Photoinduced charge transfer in bichromophoric molecules in the gas phase

Abstract

We have studied a series of bichromophores of the form A-(CH2)n-D where A is a 9-anthryl group, D is either a N-methylanilino group or a N-methyl-p-methoxyanilino group, and n=1,2,3, or 4. The fluorescence excitation and emission spectra of these molecules have been observed in a supersonic jet and in a variety of solvents. In the gas phase, in the n=1 and n=3 molecules, and in an extended conformer of the n=4 molecules interactions are weak resulting only in a slightly redshifted anthracene spectrum.
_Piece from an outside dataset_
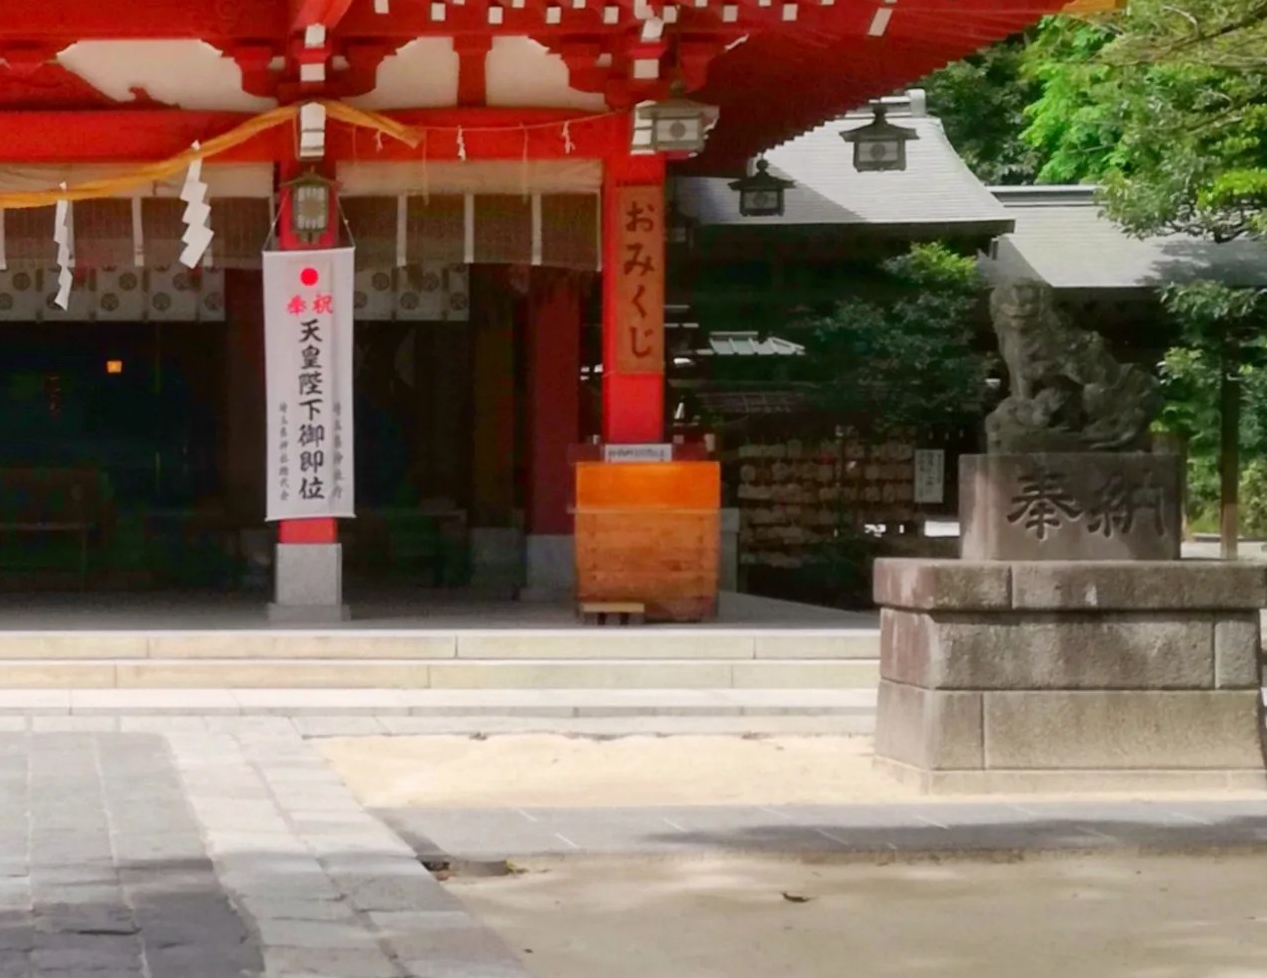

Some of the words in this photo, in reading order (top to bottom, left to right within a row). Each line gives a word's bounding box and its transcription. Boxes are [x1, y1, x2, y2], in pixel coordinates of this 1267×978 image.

[287, 294, 334, 317] 奉祝
[623, 201, 655, 358] おみくじ
[298, 318, 325, 500] 天皇陛下御即位
[1006, 466, 1166, 540] 奉納
No redshifted emission was observed in these cases. For the n=2 molecules and a second conformer of the n=4 molecules we observed a redshifted emission in the gas phase. This emission is assigned as coming from a charge transfer (CT) state or exciplex. On the basis of the excitation and emission spectra we observed two different pathways to reach the CT state. For the molecules with donor N-methyl-N-alkylaniline, excitation took place to the locally excited (LE) state followed by relaxation to the CT state. For the molecules with donor N-methyl-N-alkyl-p-methoxyaniline, the CT state was low enough to interact with the ground state forming an intramolecular electron–donor–acceptor (EDA) complex. From this EDA ground state direct excitation to the CT state occurred. In the molecule with n=2 and donor N-methyl-p-methoxyaniline the EDA interaction is very weak allowing excitation to the LE state as well as to the CT state. This set of molecules exhibits the full range of spectroscopic behavior expected in bichromophores.